For all intents and purposes, GW 2 could add a more SIMs 3 mechanic to the game but then we’d have to watch more than health bars…
Although I have no big problems with this game, I would like to see more RP features and other things that can make you feel like you’re living in Tyria. (eg. Player housing, town activities like the ones ANET mentioned pre-launched, and etc). Player interaction is what I love the most about playing MMORPGs. At this moment, GW2 doesn’t offer that much and unless I’m in a crowded area like in Cursed Shore farming Plix, I barely get to talk to anyone.
I’m sure these will all come in good time but I totally agree with the OP. Killing things may be fun but I would definitely love to see features that add more flavor to the game. The addition of Costume brawl was a step in the right direction but there’s definitely room for more features.
So why play RPGs if you don’t like RPGs? That’s the question.
The stuff you don’t like is common to all RPGs and most games.
If you designed a game around what you want – what I could call the quest for mediocrity – almost nobody would be interested in it.

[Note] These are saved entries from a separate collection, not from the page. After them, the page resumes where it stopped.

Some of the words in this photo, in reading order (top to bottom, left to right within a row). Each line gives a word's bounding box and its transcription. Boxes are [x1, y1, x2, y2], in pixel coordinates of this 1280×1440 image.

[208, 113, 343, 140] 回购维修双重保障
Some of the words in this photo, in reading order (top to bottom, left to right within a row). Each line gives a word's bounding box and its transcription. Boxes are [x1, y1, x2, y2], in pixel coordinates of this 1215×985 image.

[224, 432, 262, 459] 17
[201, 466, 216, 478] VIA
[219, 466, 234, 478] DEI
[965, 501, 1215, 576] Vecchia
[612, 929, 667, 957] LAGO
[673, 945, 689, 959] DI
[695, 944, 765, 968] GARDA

ANet missed a great opportunity with player character development by choosing to make all our characters the same heroes. Despite the different paths, everyone ends up as the same hero with a different name.

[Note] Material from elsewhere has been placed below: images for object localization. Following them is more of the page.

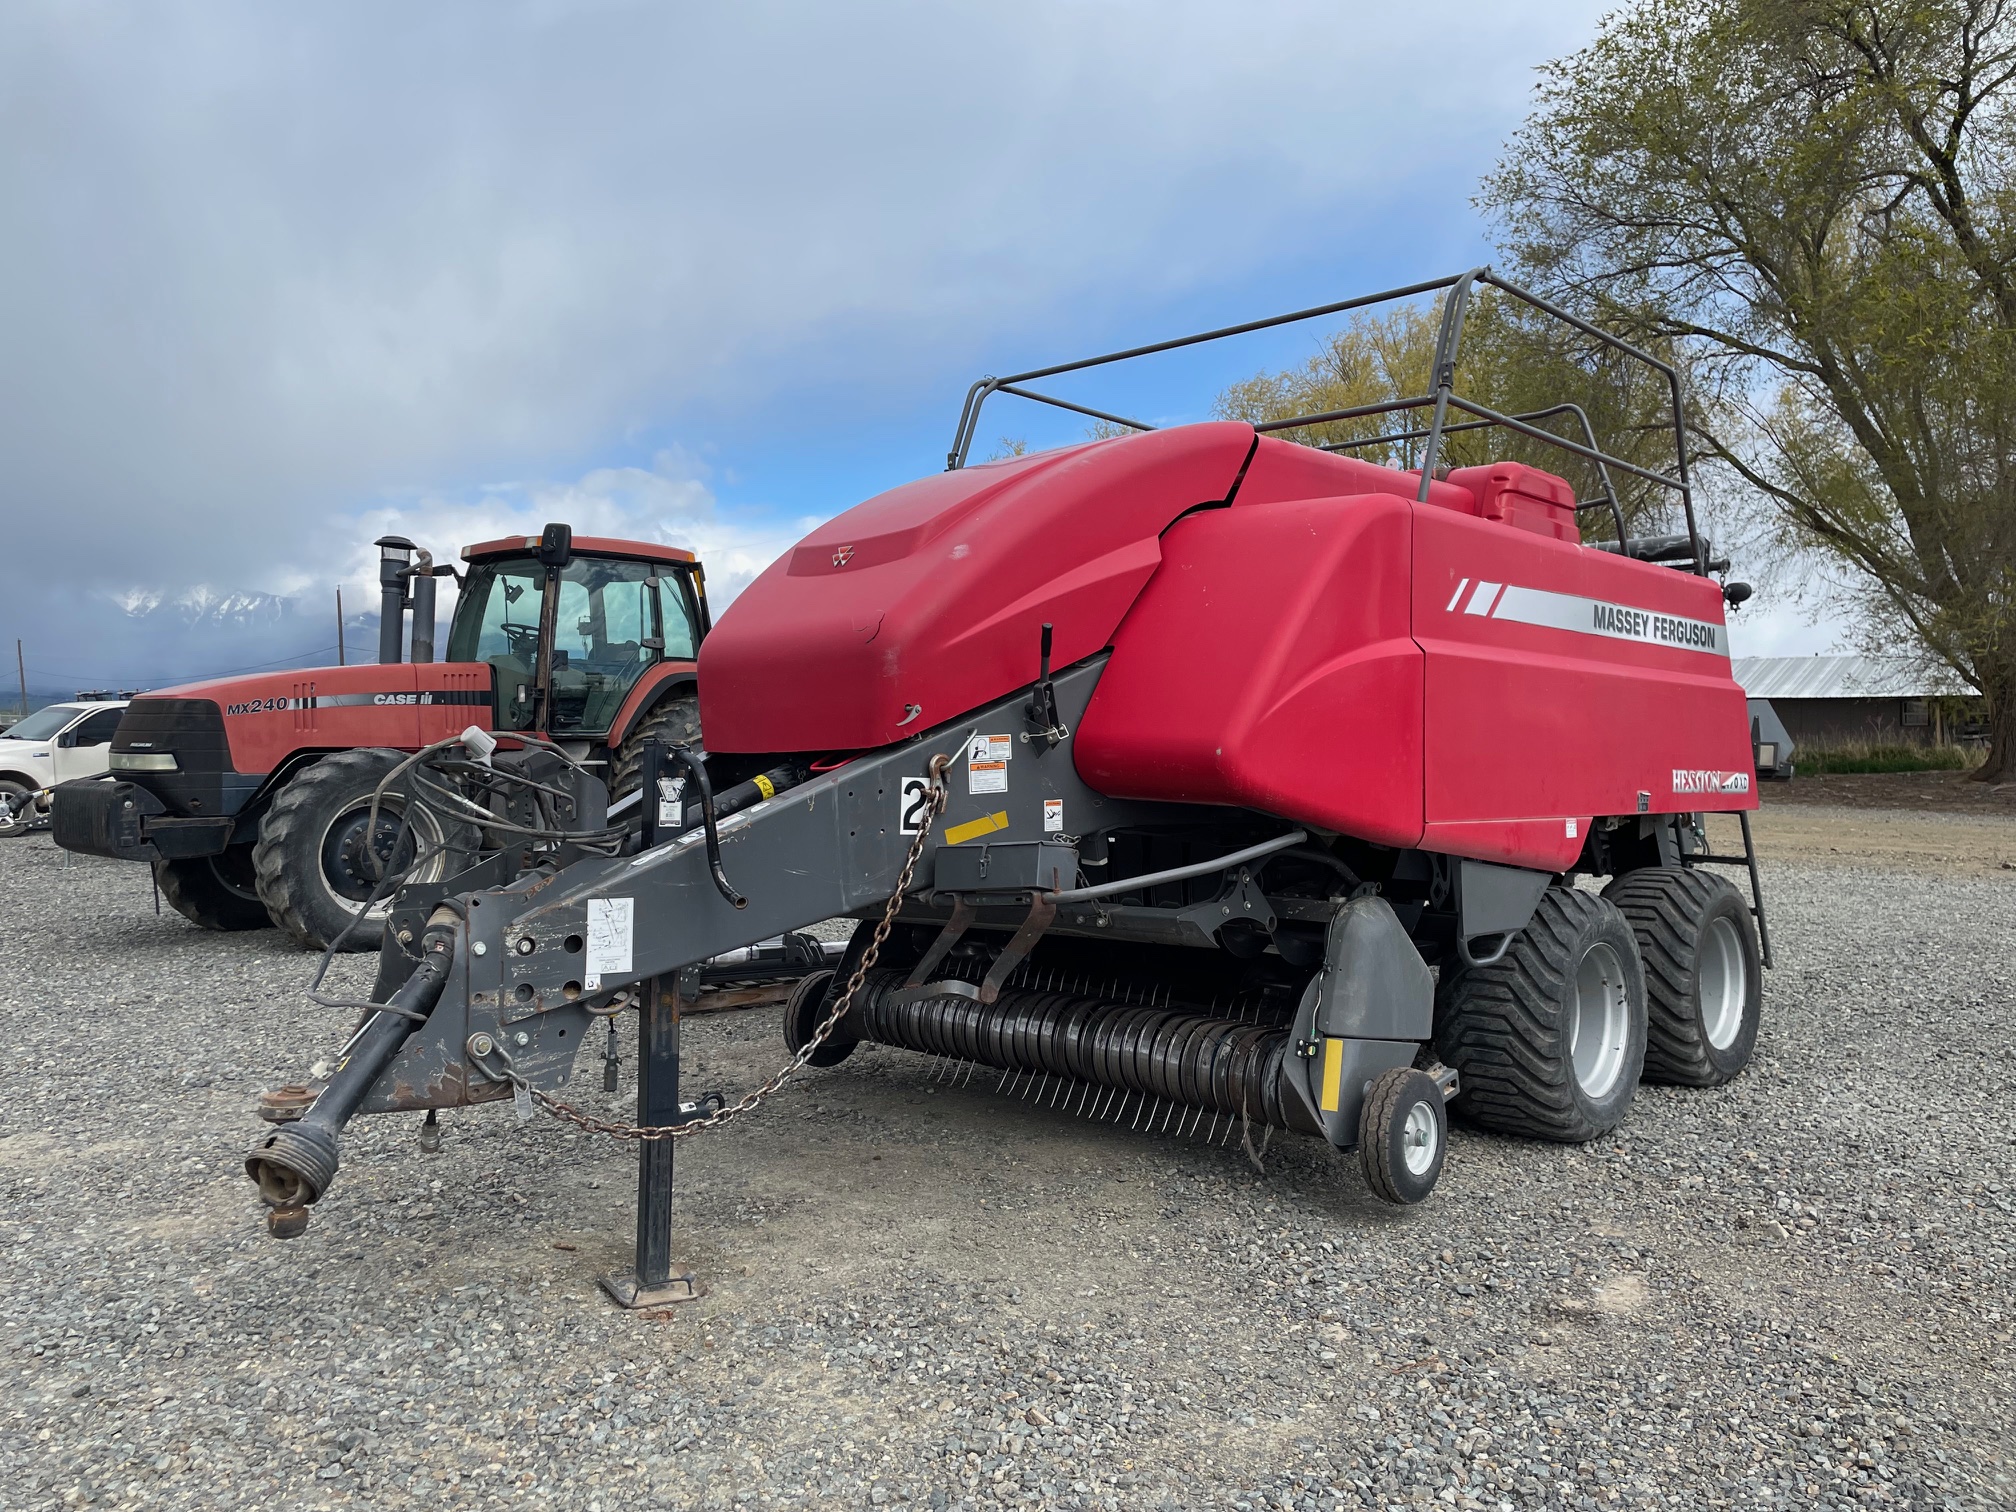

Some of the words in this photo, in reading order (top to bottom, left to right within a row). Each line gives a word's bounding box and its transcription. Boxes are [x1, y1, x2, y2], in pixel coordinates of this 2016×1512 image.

[1593, 604, 1649, 637] MASSEY
[1653, 616, 1715, 649] FERGUSON
[226, 697, 288, 716] MX240
[373, 694, 417, 705] CASE
[1672, 769, 1721, 794] HESSTON
[903, 780, 927, 831] 2

I have a hard time envisioning my Necromancer as the good guy hero type. I’m not saying he’s evil either, but he dabbles in dark arts in a big way and I have no doubt he believes that the end justifies the means. I can’t really play him that way though.
Character development in the manner ANet approached it is one of those: do it right or don’t do it type of things. I mean GW2 isn’t a single player game, it’s not Skyrim, so trying to act like it is doesn’t work because the development of your character comes nowhere close, nor do you have the same freedom of choices.
By forcing us into their idea of a hero mold, we have less choices, not more. It would have been better if ANet had simply left the personal story out for those who like to have a sense of uniqueness…if only in their own imagination.